By the community, for the community

Normally when I write these announcements, I talk about some of the great technical changes in the release. This time, I wanted to put the focus on the community that makes those changes happen. Fedora isn’t just a group of people toiling away in isolation — we’re friends. In fact, that’s one of our Four Foundations.

One of our newest Fedora Friends, Juan Carlos Araujo said it beautifully in a Fedora Discussion post:

Besides functionality, stability, features, how it works under the hood, and how cutting-edge it is, I think what makes or breaks a distro are those intangibles, like documentation and the community. And Fedora has it all… especially the intangibles.

We’ve worked hard over the years to make Fedora an inclusive and welcoming community. We want to be a place where experienced contributors and newcomers alike can work together. Just like we want Fedora Linux to be a distribution that appeals to both long-time and novice Linux users.

Speaking of Fedora Linux, let’s take a look at some of the highlights this time around. As always, you should make sure your system is fully up-to-date before upgrading from a previous release. This time especially, because we’ve squashed some very important upgrade-related bugs in F34/F35 updates. Your system upgrade to Fedora Linux 36 could fail if those updates aren’t applied first.

Desktop improvements

Fedora Workstation focuses on the desktop, and in particular, it’s geared toward users who want a “just works” Linux operating system experience. As usual, Fedora Workstation features the latest GNOME release: GNOME 42. While it doesn’t completely provide the answer to life, the universe, and everything, GNOME 42 brings a lot of improvements. Many applications have been ported to GTK 4 for improved style and performance. And two new applications come in GNOME 42: Text Editor and Console. They’re aptly named, so you can guess what they do. Text Editor is the new default text editor and Console is available in the repos.

If you use NVIDIA’s proprietary graphics driver, your desktop sessions will now default to using the Wayland protocol. This allows you to take advantage of hardware acceleration while using the modern desktop compositor.

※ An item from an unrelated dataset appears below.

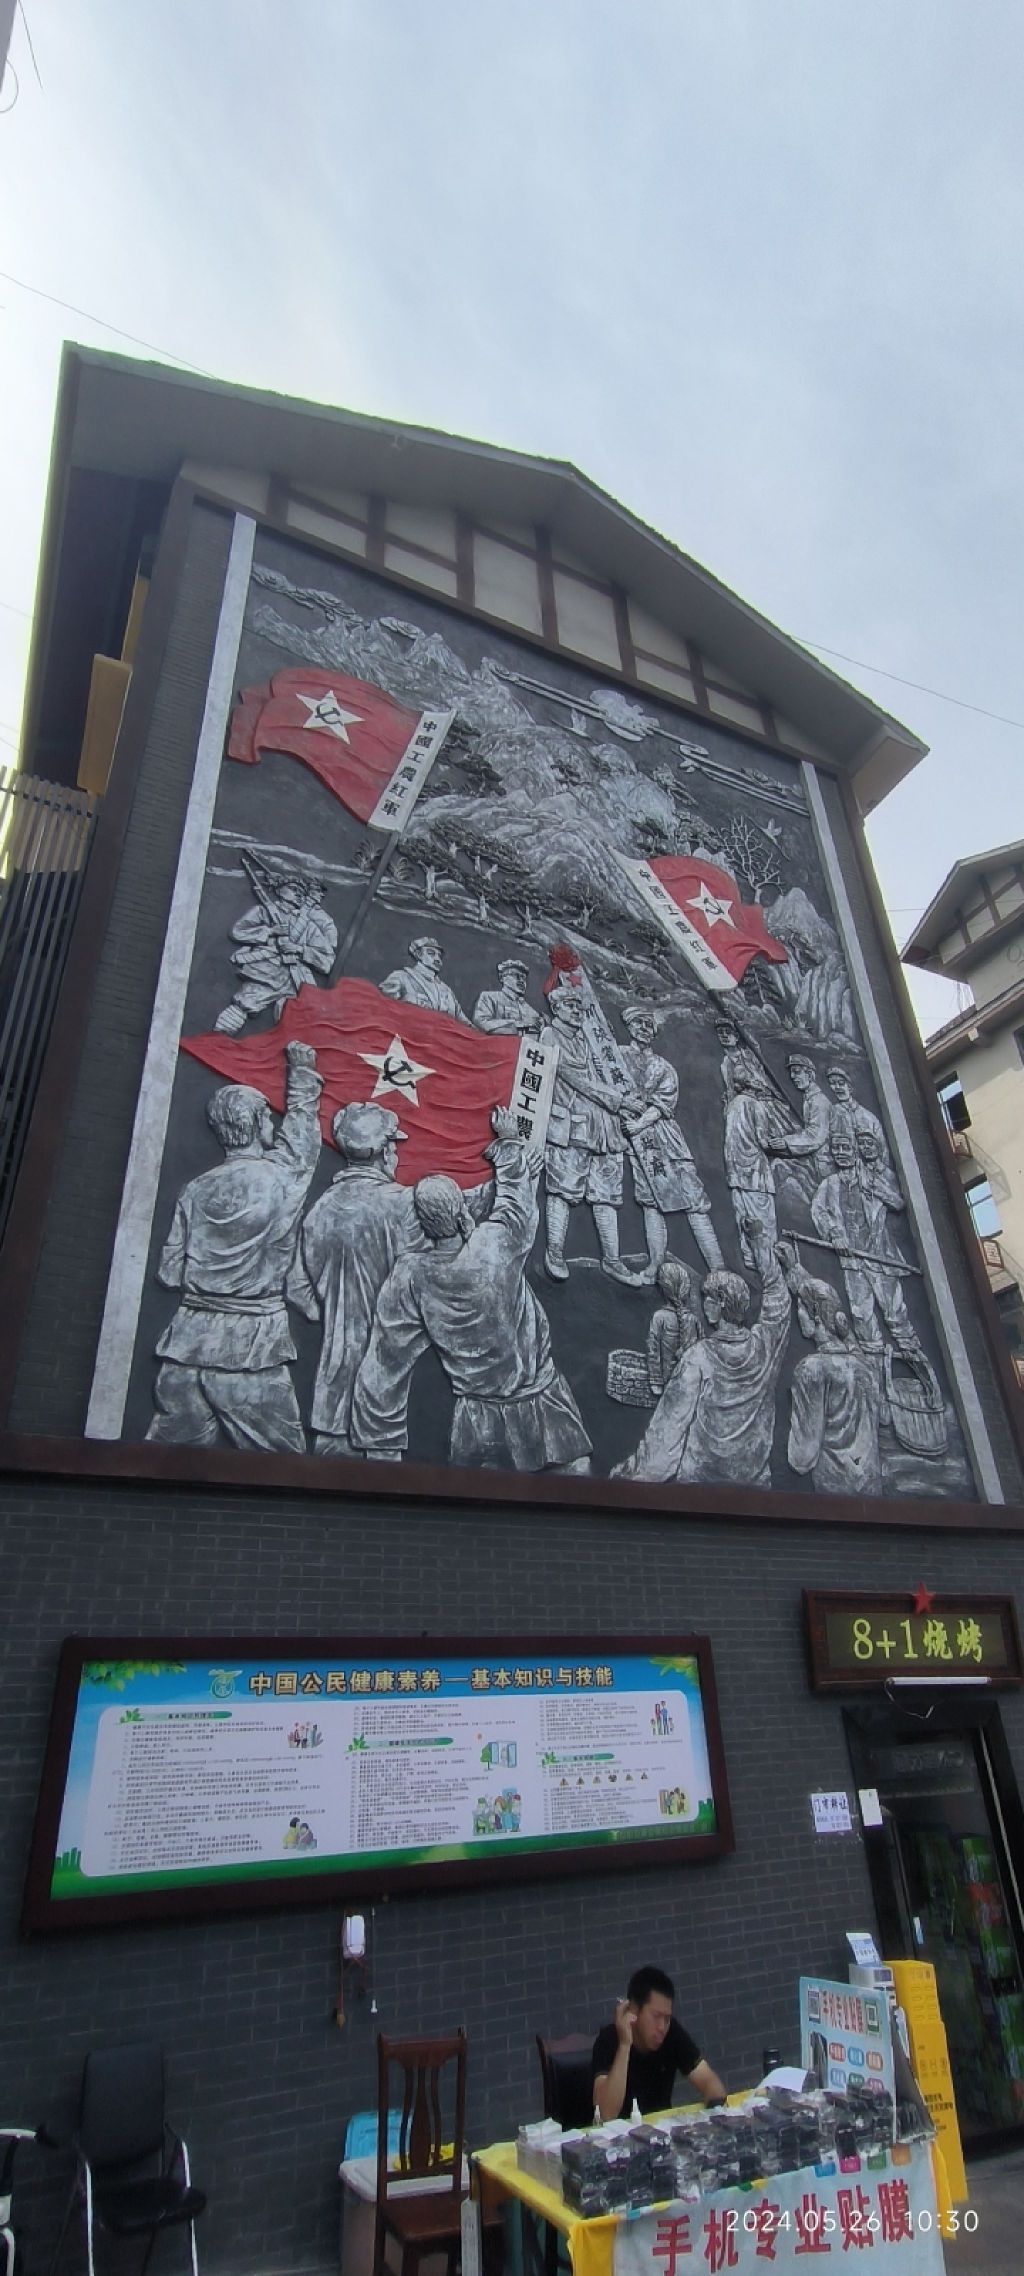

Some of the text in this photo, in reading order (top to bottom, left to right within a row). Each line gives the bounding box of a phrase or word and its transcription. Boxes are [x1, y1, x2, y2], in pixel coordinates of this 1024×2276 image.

[853, 1617, 984, 1663] 8+1烧烤
[652, 2179, 914, 2276] 手机专业贴膜
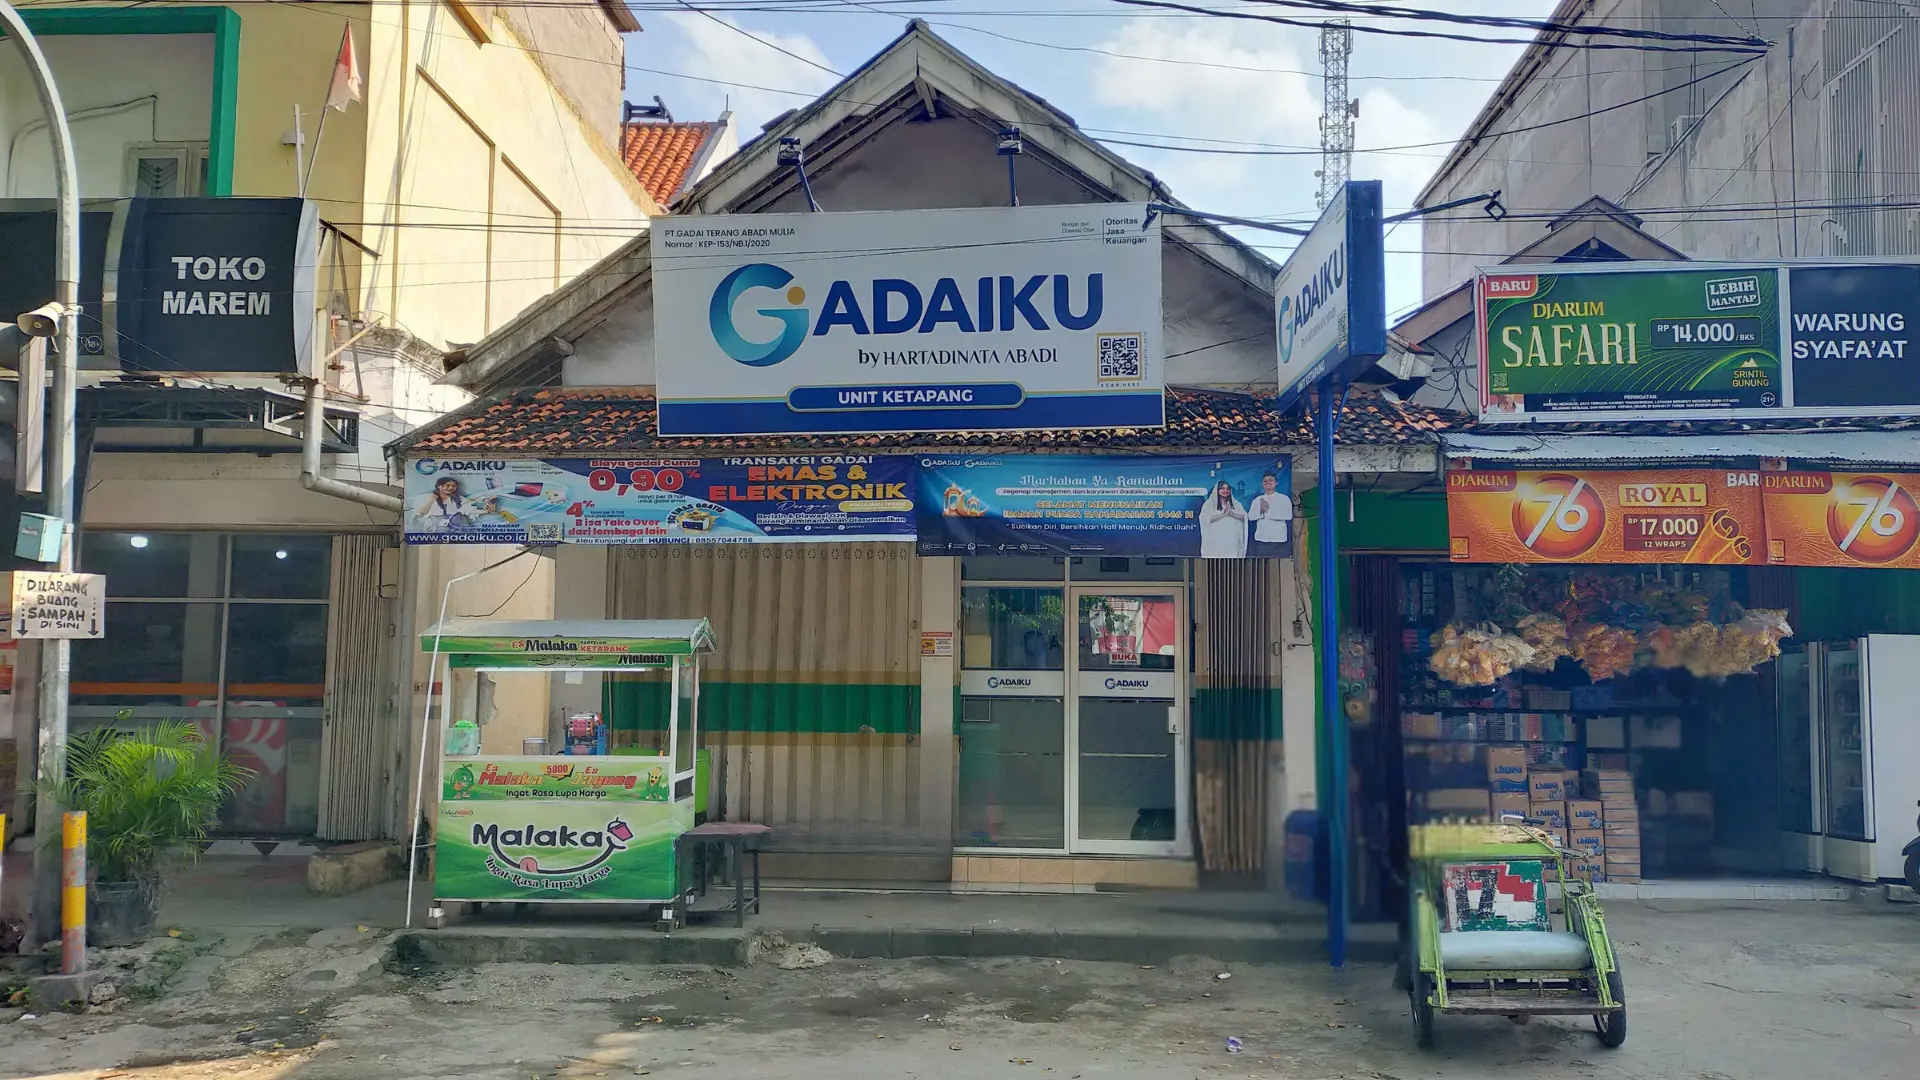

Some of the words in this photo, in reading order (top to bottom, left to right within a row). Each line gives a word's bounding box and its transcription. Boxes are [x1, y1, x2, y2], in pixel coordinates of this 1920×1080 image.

Of course, we produce more than just the Editions. Fedora Spins and Labs target a variety of audiences and use cases, including Fedora Comp Neuro, which provides tools for computational neuroscience, and desktop environments like Fedora LXQt, which provides a lightweight desktop environment. And don’t forget our alternate architectures: ARM AArch64, Power, and S390x.

Sysadmin improvements

Fedora Linux 36 includes the latest release of Ansible. Ansible 5 splits the “engine” into an ansible-core package and collections packages. This makes maintenance easier and allows you to download only the collections you need. See the Ansible 5 Porting Guide to learn how to update your playbooks.

Beginning in Fedora Server 36, Cockpit provides a module for provisioning and ongoing administration of NFS and Samba shares. This allows administrators to manage network file shares through the Cockpit web interface used to configure other server attributes.

Other updates

No matter what variant of Fedora Linux you use, you’re getting the latest the open source world has to offer. Podman 4.0 will be fully released for the first time in Fedora Linux 36. Podman 4.0 has a huge number of changes and a brand new network stack. It also brings backwards-incompatible API changes, so read the upstream documentation carefully.

Following our “First” foundation, we’ve updated key programming language and system library packages, including Ruby 3.1, Golang 1.18 and PHP 8.1.

We’re excited for you to try out the new release! Go to https://getfedora.org/ and download it now. Or if you’re already running Fedora Linux, follow the easy upgrade instructions. For more information on the new features in Fedora Linux 36, see the release notes.

In the unlikely event of a problem…

If you run into a problem, visit our Ask Fedora user-support forum. This includes a category for common issues.

Thank you everyone

Thanks to the thousands of people who contributed to the Fedora Project in this release cycle. We love having you in the Fedora community. Be sure to join us May 13 – 14 for a virtual release party!